Whether it's rebuilding a car engine or diagramming a sentence, people can learn about many things simply by taking them apart and putting them back together again. That, in a nutshell, is the concept behind reverse-engineering—breaking something down in order to understand it, build a copy or improve it.
A process that was originally applied only to hardware, reverse-engineering is now applied to software, databases and even human DNA. Reverse-engineering is especially important with computer hardware and software. Programs are written in a language, say C++ or Java, that's understandable by other programmers. But to run on a computer, they have to be translated by another program, called a compiler, into the ones and zeros of machine language. Compiled code is incomprehensible to most programmers, but there are ways to convert machine code back to a more human-friendly format, including a software tool called a decompiler.
Reverse-engineering is used for many purposes: as a learning tool; as a way to make new, compatible products that are cheaper than what's currently on the market; for making software interoperate more effectively or to bridge data between different operating systems or databases; and to uncover the undocumented features of commercial products.
A famous example of reverse-engineering involves San Jose-based Phoenix Technologies Ltd., which in the mid-1980s wanted to produce a BIOS for PCs that would be compatible with the IBM PC's proprietary BIOS. (A BIOS is a program stored in firmware that's run when a PC starts up; see Technology QuickStudy, June 25.)
To protect against charges of having simply (and illegally) copied IBM's BIOS, Phoenix reverse-engineered it using what's called a "clean room," or "Chinese wall," approach. First, a team of engineers studied the IBM BIOS—about 8KB of code—and described everything it did as completely as possible without using or referencing any actual code. Then Phoenix brought in a second team of programmers who had no prior knowledge of the IBM BIOS and had never seen its code. Working only from the first team's functional specifications, the second team wrote a new BIOS that operated as specified.
The resulting Phoenix BIOS was different from the IBM code, but for all intents and purposes, it operated identically. Using the clean-room approach, even if some sections of code did happen to be identical, there was no copyright infringement. Phoenix began selling its BIOS to companies that then used it to create the first IBM-compatible PCs.
Other companies, such as Cyrix Corp. and Advanced Micro Devices Inc., have successfully reverse-engineered Intel Corp. microprocessors to make less-expensive Intel-compatible chips.
Few operating systems have been reverse-engineered. With their millions of lines of code—compared with the roughly 32KB of modern BIOSs—reverse-engineering them would be an expensive option.
But applications are ripe for reverse-engineering, since few software developers publish their source code. Technically, an application programming interface (API) should make it easy for programs to work together, but experts say most APIs are so poorly written that third-party software makers have little choice but to reverse-engineer the programs with which they want their software to work, just to ensure compatibility.

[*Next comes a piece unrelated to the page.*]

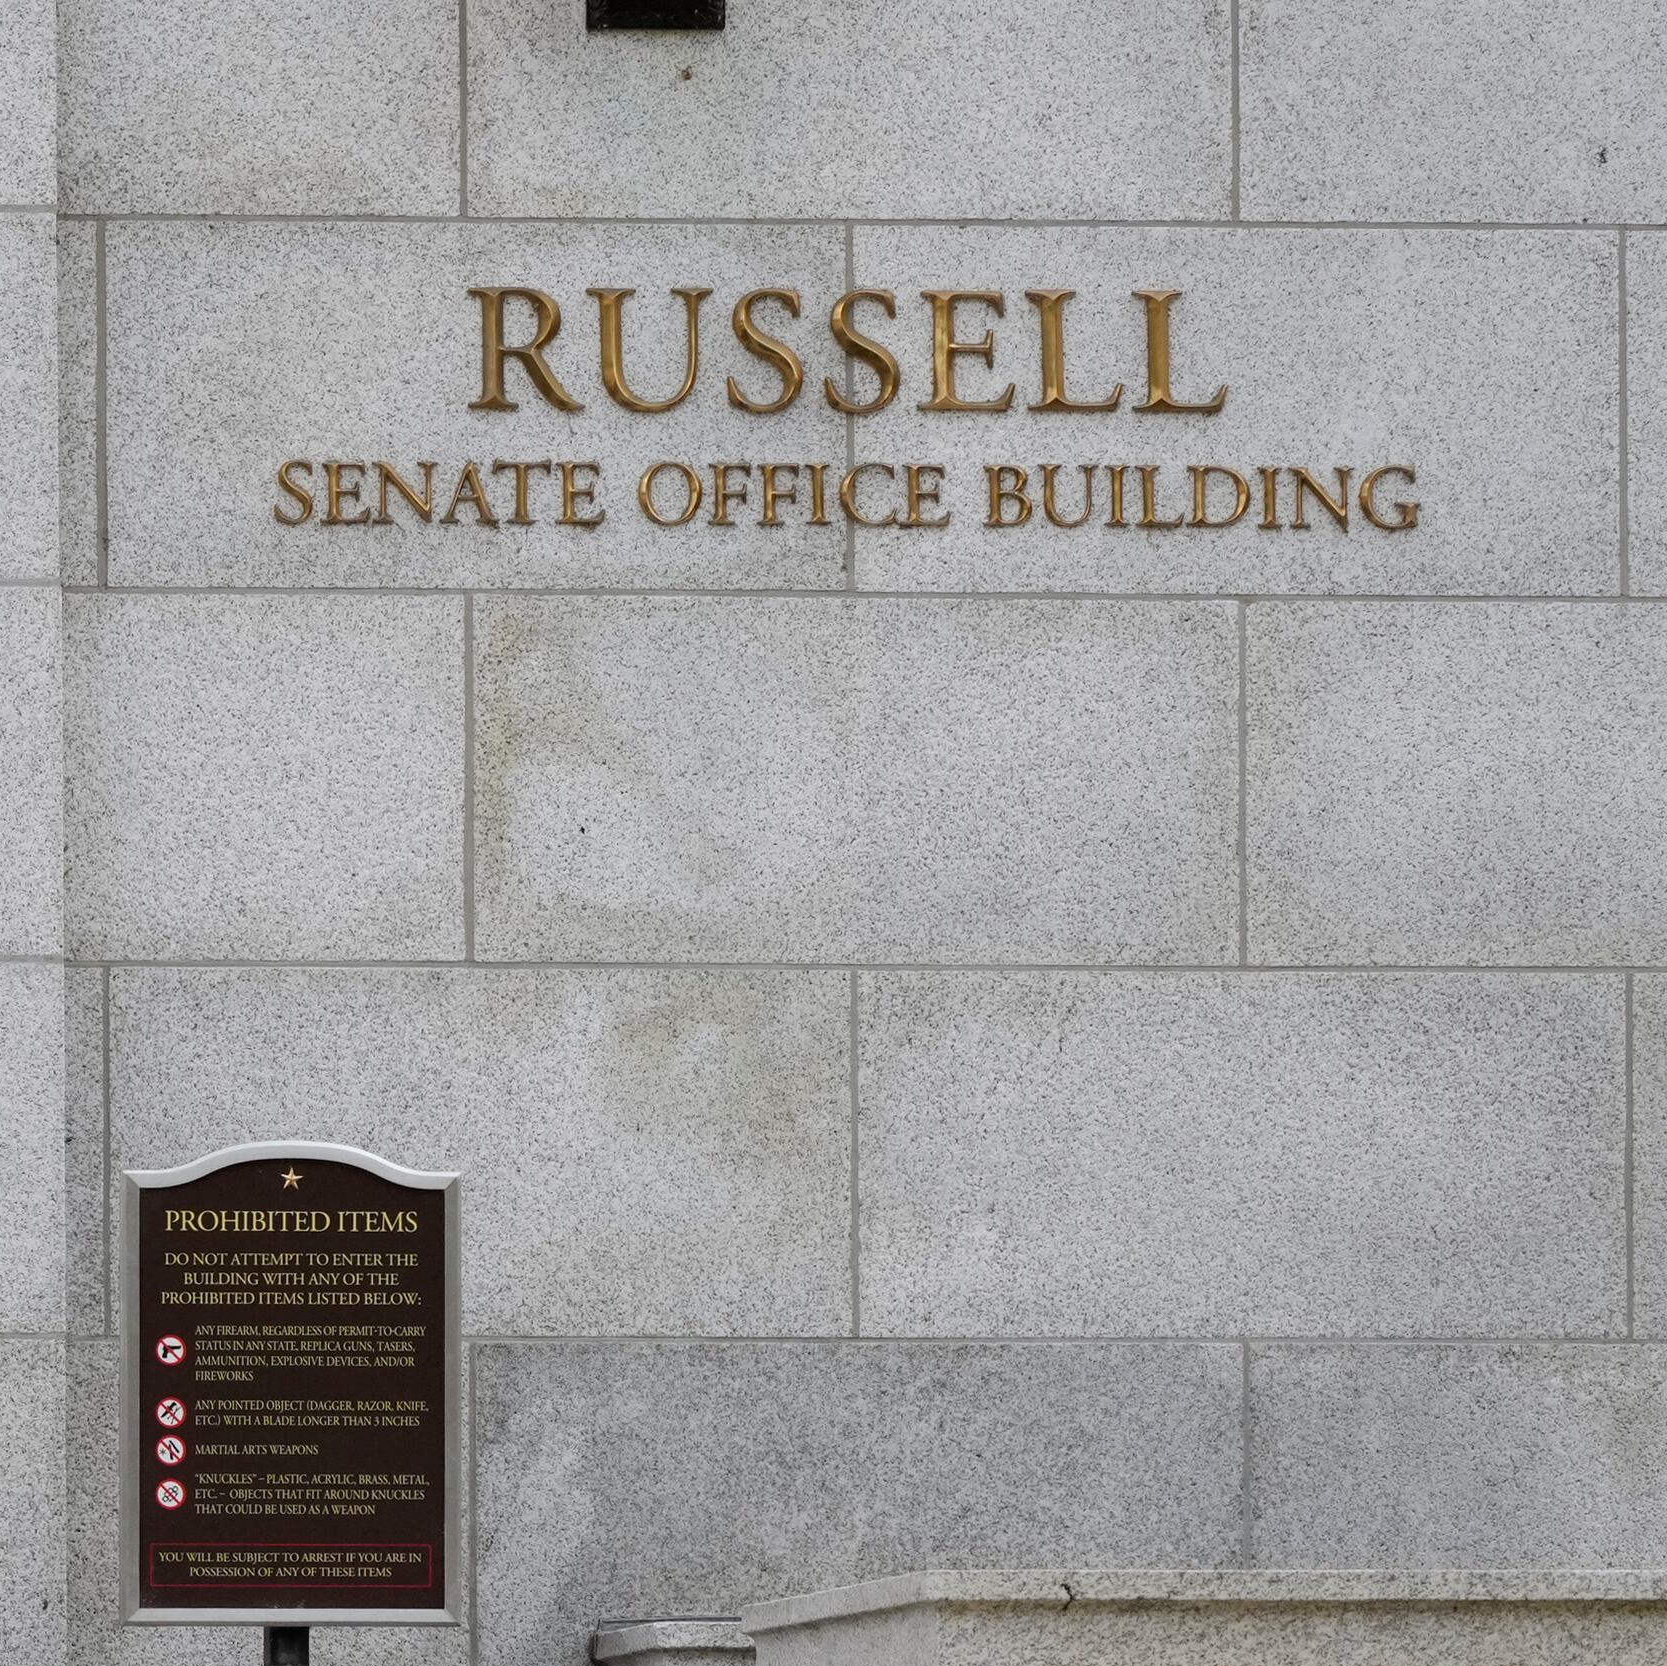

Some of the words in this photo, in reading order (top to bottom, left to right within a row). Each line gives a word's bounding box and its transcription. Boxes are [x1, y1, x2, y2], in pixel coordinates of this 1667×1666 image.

Reverse-engineering can also expose security flaws and questionable privacy practices. For instance, reverse-engineering of Dallas-based Digital: Convergence Corp.'s CueCat scanning device revealed that each reader has a unique serial number that allows the device's maker to marry scanned codes with user registration data and thus track each user's habits in great detail—a previously unpublicized feature.
Recent legal moves backed by many large software and hardware makers, as well as the entertainment industry, are eroding companies' ability to do reverse-engineering.
"Reverse-engineering is legal, but there are two main areas in which we're seeing threats to reverse-engineering," says Jennifer Granick, director of the law and technology clinic at Stanford Law School in Palo Alto, Calif. One threat, as yet untested in the courts, comes from shrink-wrap licenses that explicitly prohibit anyone who opens or uses the software from reverse-engineering it, she says.
The other threat is from the Digital Millennium Copyright Act (DMCA), which prohibits the creation or dissemination of tools or information that could be used to break technological safeguards that protect software from being copied. Last July, on the basis of this law, San Jose-based Adobe Systems Inc. asked the FBI to arrest Dmitry Sklyarov, a Russian programmer, when he was in the U.S. for a conference. Sklyarov had worked on software that cracked Adobe's e-book file encryption.
The fact is, even above-board reverse-engineering often requires breaking such safeguards, and the DMCA does allow reverse-engineering for compatibility purposes.
"But you're not allowed to see if the software does what it's supposed to do," says Granick, nor can you look at it for purposes of scientific inquiry. She offers an analogy: "You have a car, but you're not allowed to open the hood."